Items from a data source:
=== Begin Enclosure ===
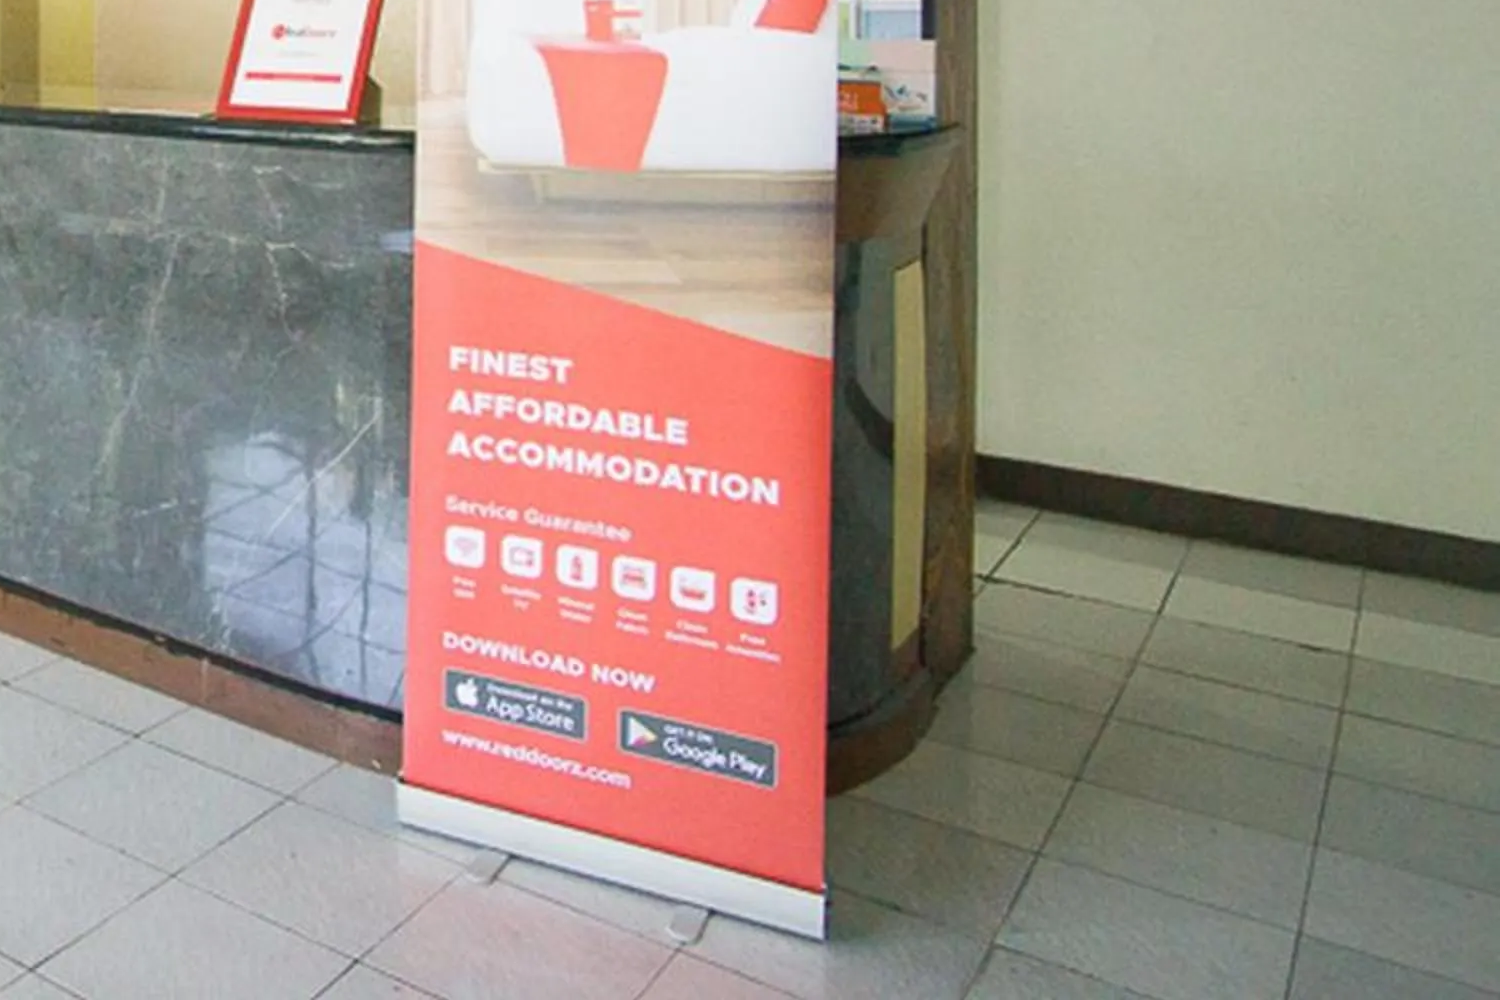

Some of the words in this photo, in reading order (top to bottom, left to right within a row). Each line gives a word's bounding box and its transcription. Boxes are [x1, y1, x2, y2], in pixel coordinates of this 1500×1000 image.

[449, 345, 573, 385] FINEST
[447, 389, 688, 445] AFFORDABLE
[446, 432, 780, 506] ACCOMMODATION
[445, 494, 519, 522] Service
[523, 506, 633, 542] Guarantee
[443, 631, 586, 678] DOWNLOAD
[591, 663, 657, 694] NOW
[485, 695, 525, 722] App
[525, 703, 575, 731] Store
[442, 730, 632, 789] www.reddoorz.com
[663, 736, 726, 768] Google
[729, 750, 767, 780] Play
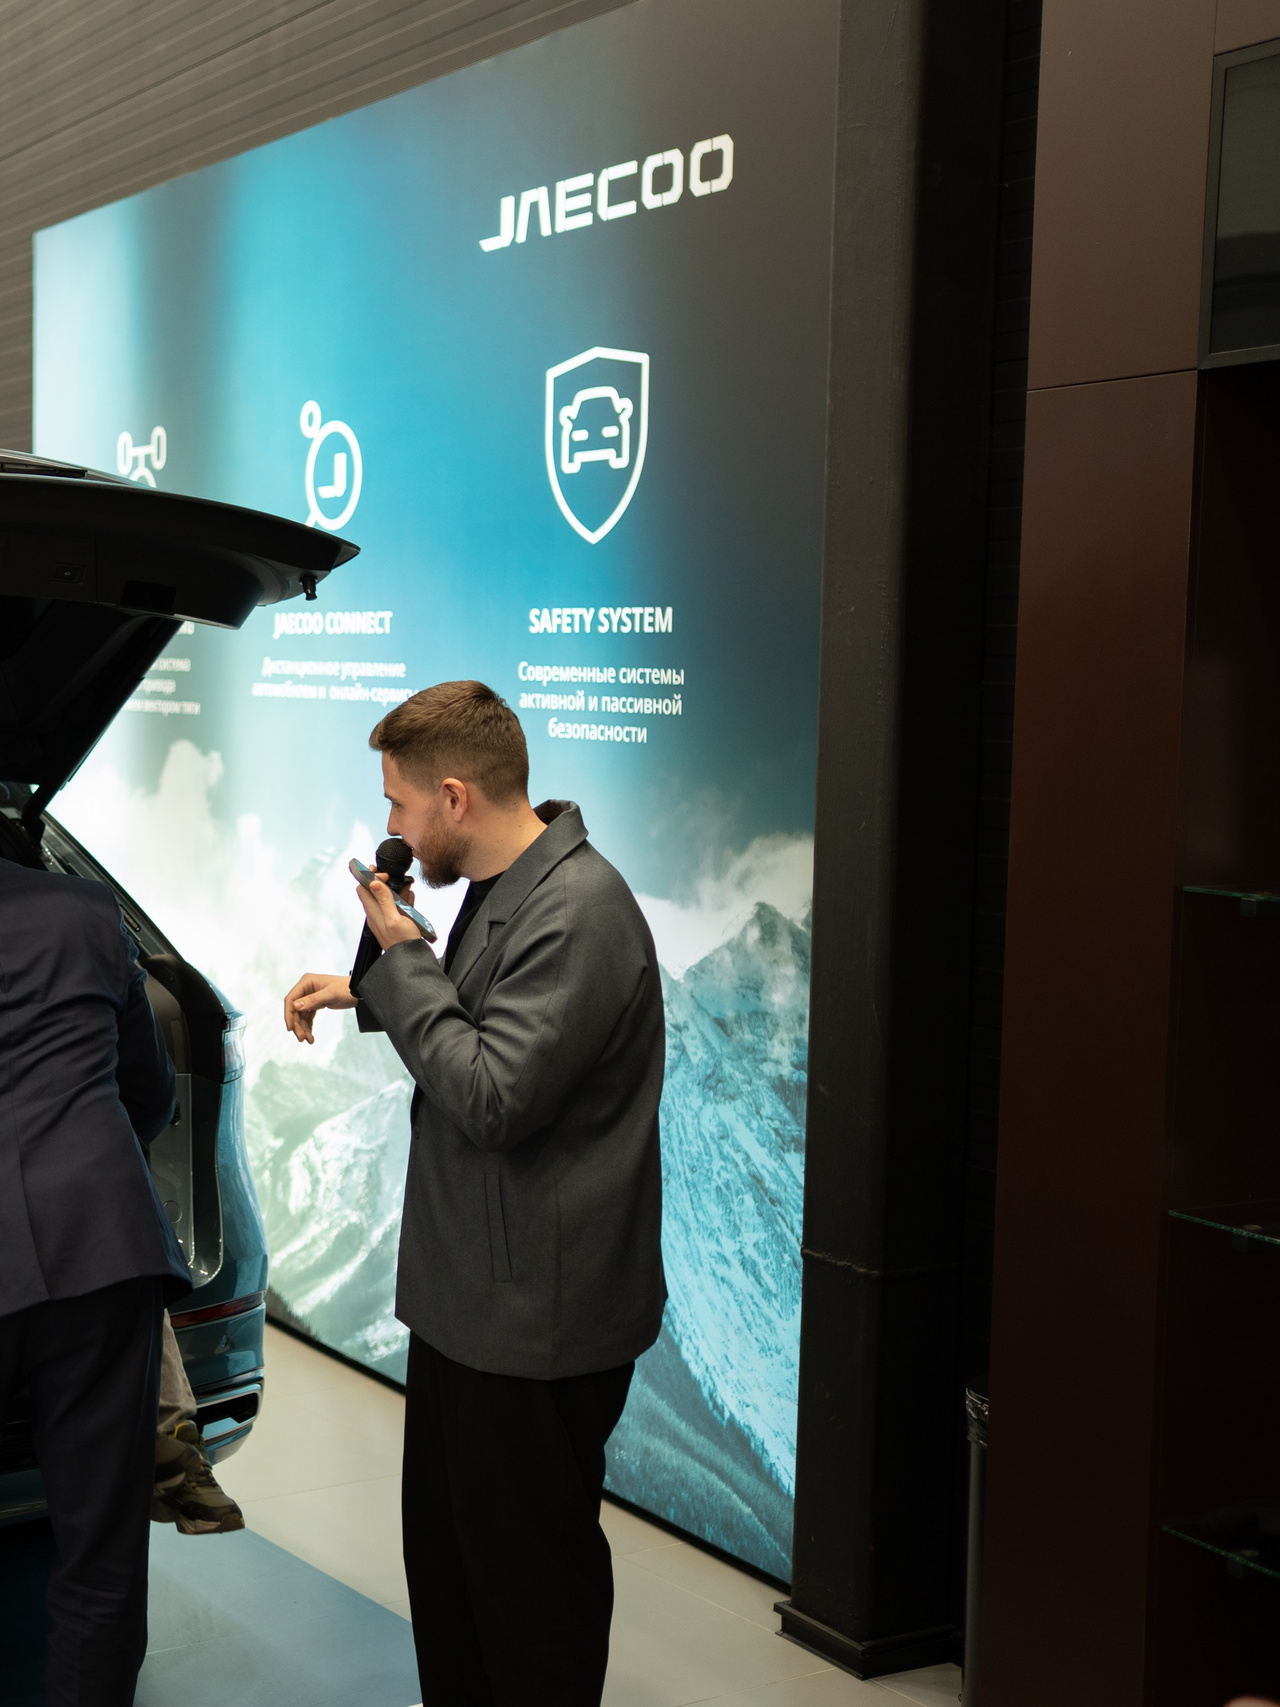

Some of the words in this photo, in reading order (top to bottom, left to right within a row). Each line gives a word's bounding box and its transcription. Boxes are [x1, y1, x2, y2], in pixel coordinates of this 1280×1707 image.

[479, 133, 734, 252] JAECOO
[273, 612, 323, 640] JAECOO
[325, 611, 393, 635] CONNECT
[529, 607, 595, 634] SAFETY
[598, 606, 673, 634] SYSTEM
[340, 661, 406, 681] управление
[518, 661, 616, 687] Современные
[619, 667, 685, 685] системы
[319, 685, 327, 700] и
[519, 690, 585, 712] активной
[588, 696, 598, 712] и
[601, 693, 682, 716] пассивной
[548, 717, 648, 744] безопасности
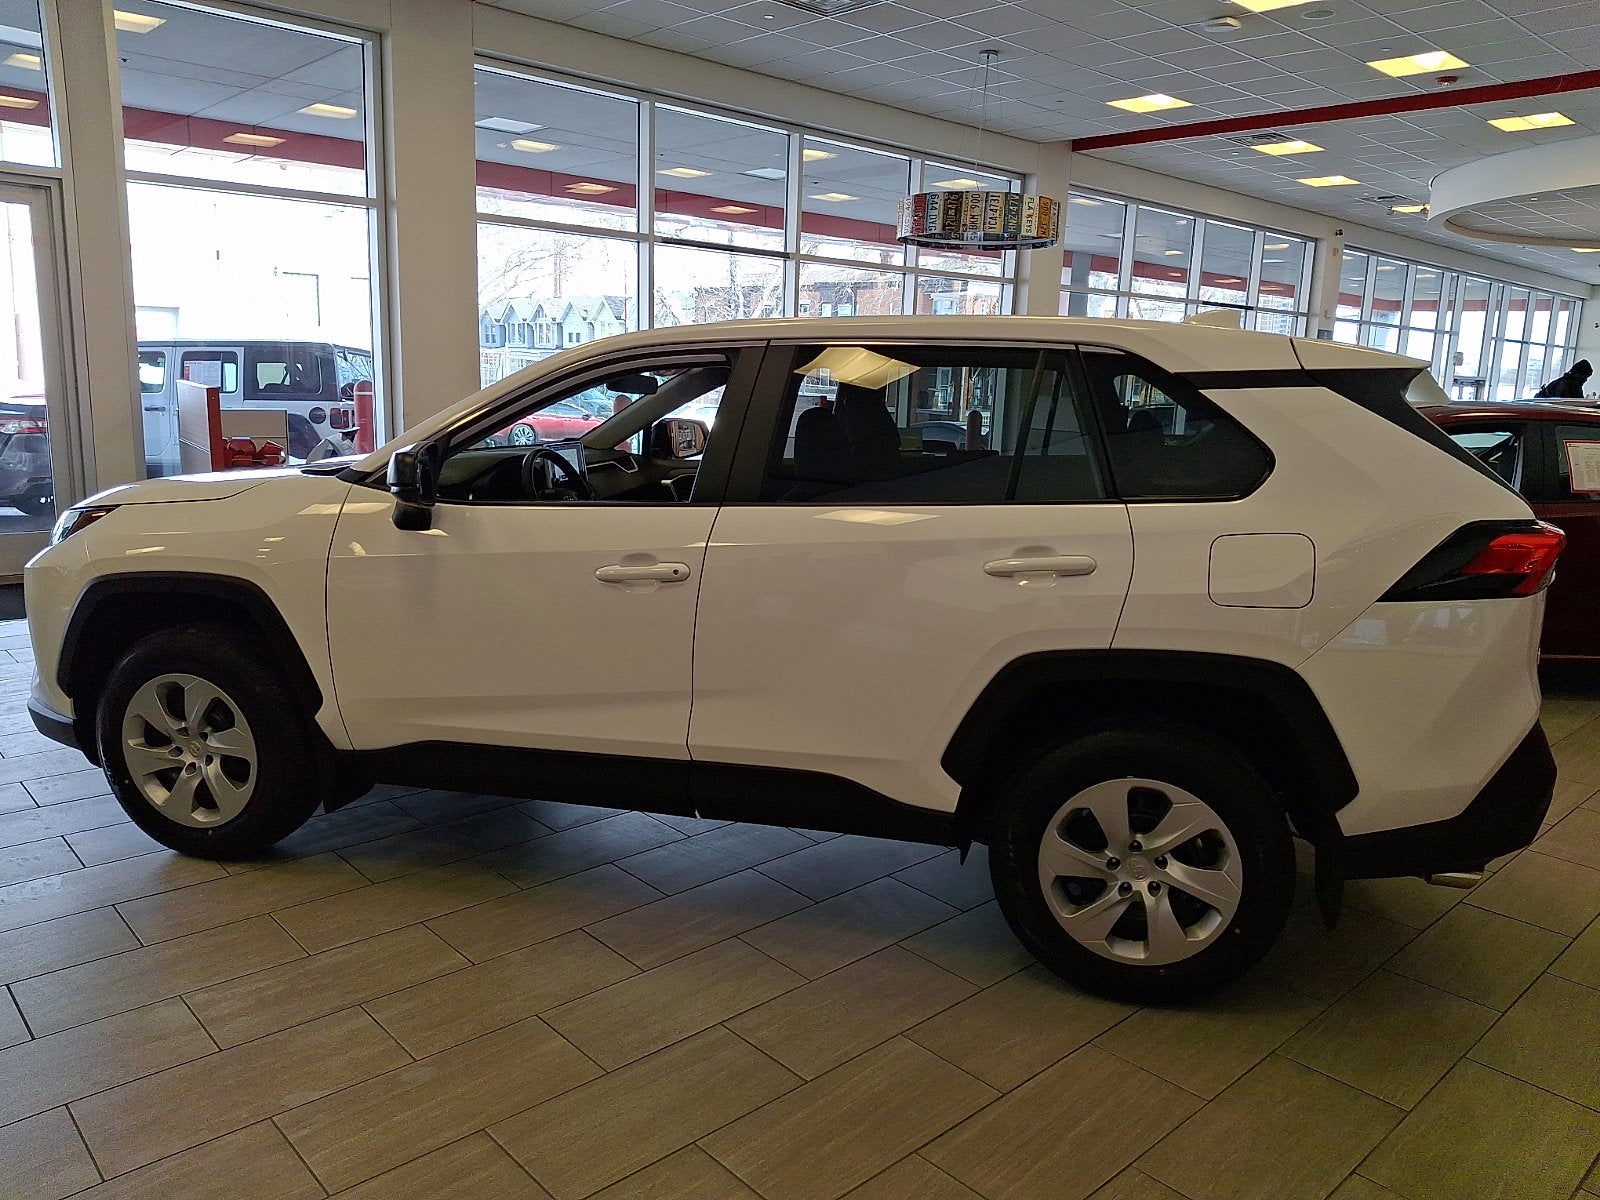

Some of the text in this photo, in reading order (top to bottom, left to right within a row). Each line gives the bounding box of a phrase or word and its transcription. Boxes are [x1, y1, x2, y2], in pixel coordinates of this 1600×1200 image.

[928, 194, 940, 232] 644 DYG
[970, 193, 981, 210] 900
[1025, 196, 1035, 234] FLA KEYS
[969, 214, 979, 230] BKN
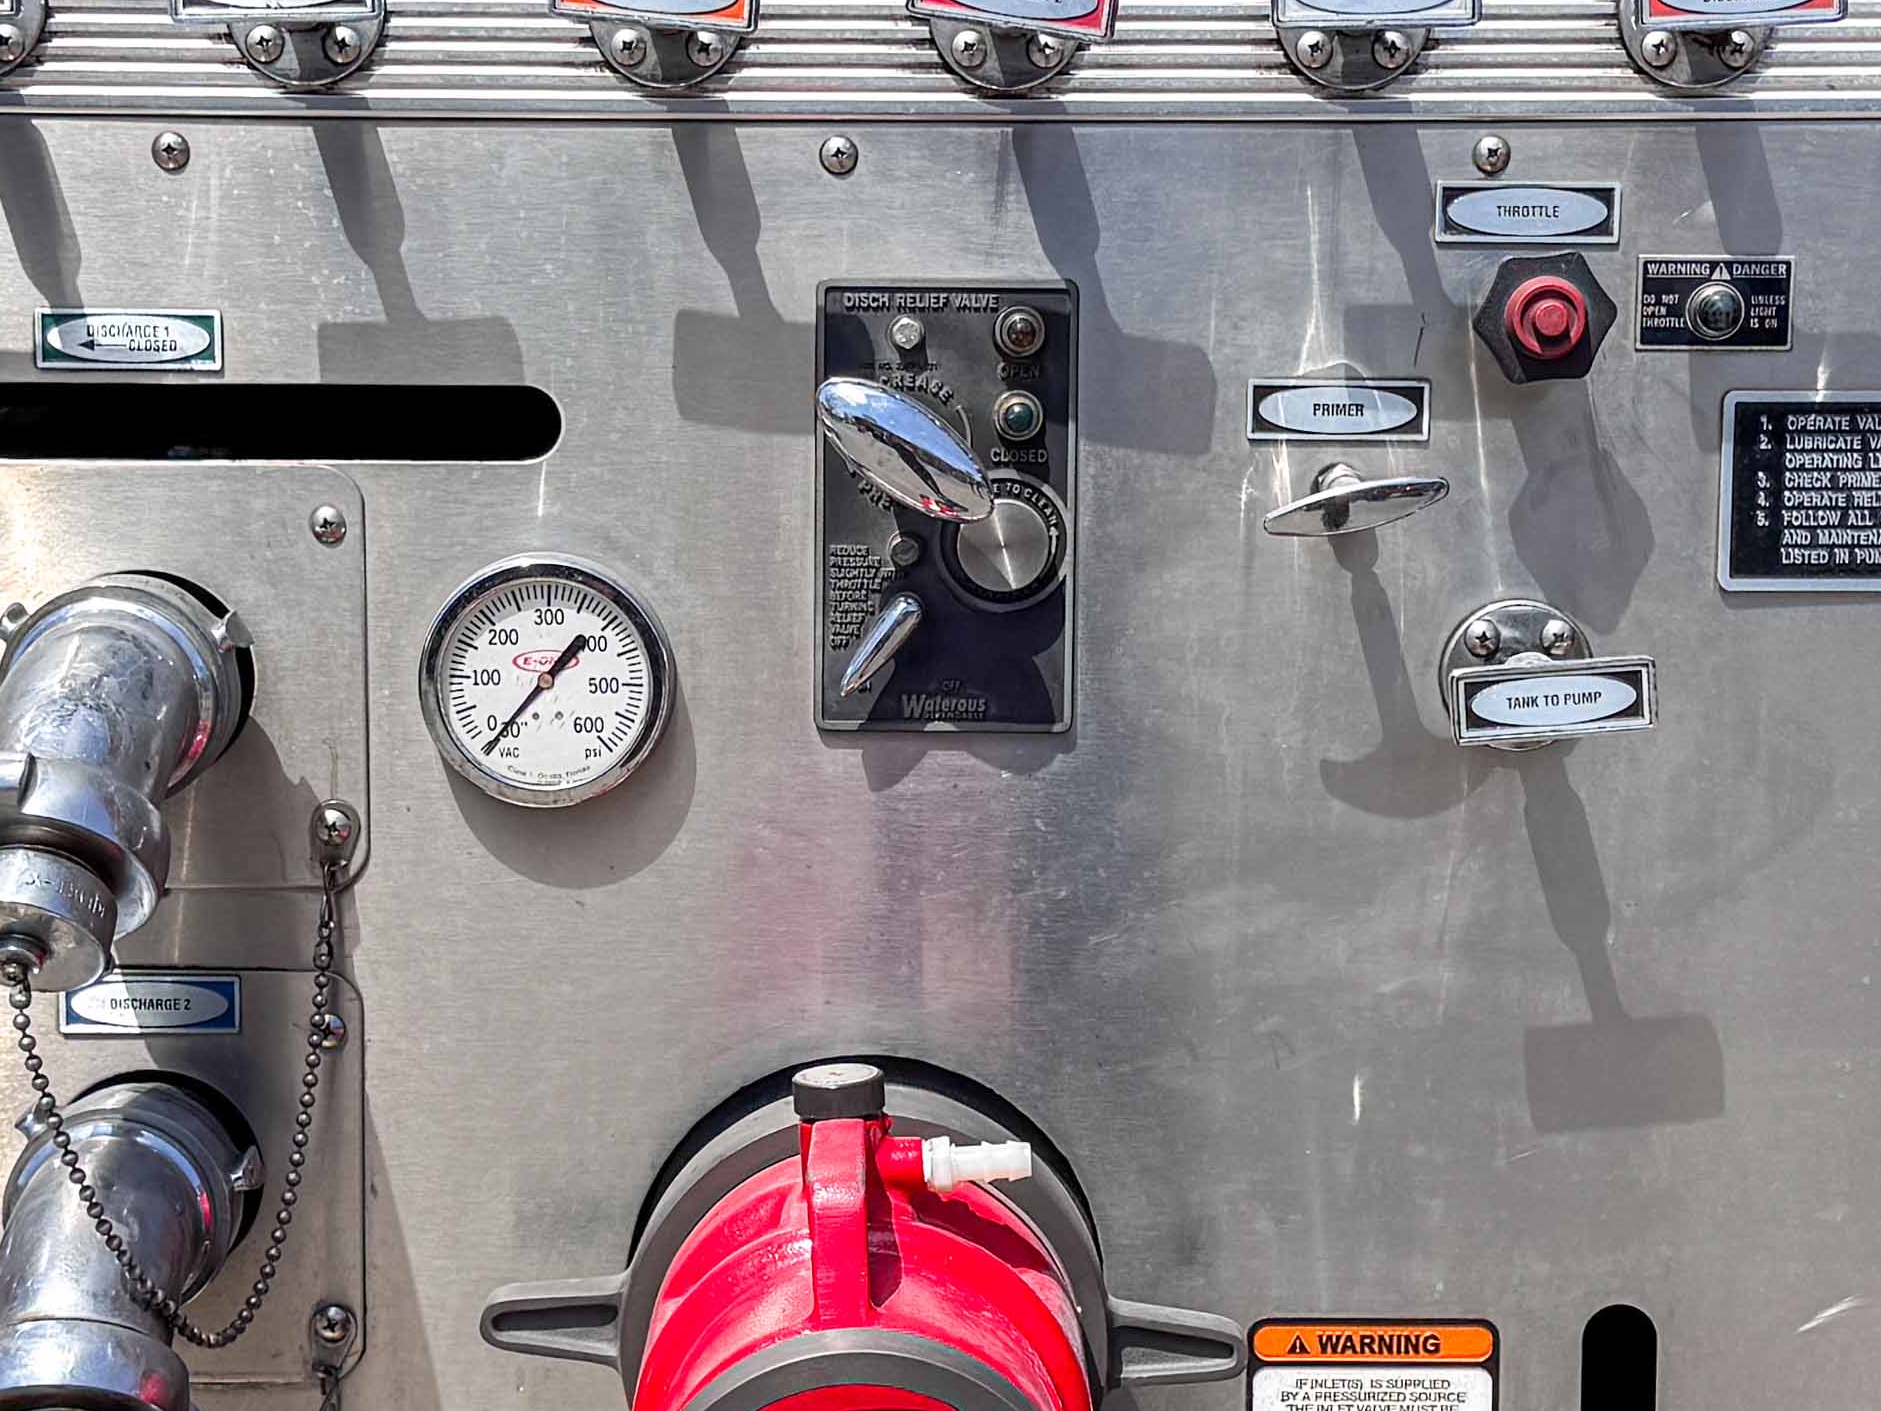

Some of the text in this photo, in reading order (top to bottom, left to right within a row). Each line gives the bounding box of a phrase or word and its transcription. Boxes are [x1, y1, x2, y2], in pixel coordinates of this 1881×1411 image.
=== End Enclosure ===
Work task
When an image appears in the data, skip it and output the rest exactly.

Response
Some of the words in this photo, in reading order (top to bottom, left to right within a row). Each line gives a word's bounding box and its transcription. Boxes are [x1, y1, x2, y2], in pixel coordinates of this 1500×1000 image.

[449, 345, 573, 385] FINEST
[447, 389, 688, 445] AFFORDABLE
[446, 432, 780, 506] ACCOMMODATION
[445, 494, 519, 522] Service
[523, 506, 633, 542] Guarantee
[443, 631, 586, 678] DOWNLOAD
[591, 663, 657, 694] NOW
[485, 695, 525, 722] App
[525, 703, 575, 731] Store
[442, 730, 632, 789] www.reddoorz.com
[663, 736, 726, 768] Google
[729, 750, 767, 780] Play

Some of the words in this photo, in reading order (top to bottom, left to right within a row). Each line gives a word's bounding box and its transcription. Boxes are [x1, y1, x2, y2], in pixel coordinates of this 1280×1707 image.

[479, 133, 734, 252] JAECOO
[273, 612, 323, 640] JAECOO
[325, 611, 393, 635] CONNECT
[529, 607, 595, 634] SAFETY
[598, 606, 673, 634] SYSTEM
[340, 661, 406, 681] управление
[518, 661, 616, 687] Современные
[619, 667, 685, 685] системы
[319, 685, 327, 700] и
[519, 690, 585, 712] активной
[588, 696, 598, 712] и
[601, 693, 682, 716] пассивной
[548, 717, 648, 744] безопасности

Some of the text in this photo, in reading order (top to bottom, left to right within a row). Each line gives the bounding box of a phrase or word and its transcription. Boxes are [x1, y1, x2, y2], in pixel coordinates of this 1600×1200 image.

[928, 194, 940, 232] 644 DYG
[970, 193, 981, 210] 900
[1025, 196, 1035, 234] FLA KEYS
[969, 214, 979, 230] BKN

Some of the text in this photo, in reading order (top to bottom, left to right within a row). Each line gives the bounding box of a phrase or word and its transcription. Boxes are [x1, y1, x2, y2], in pixel coordinates of this 1881×1411 image.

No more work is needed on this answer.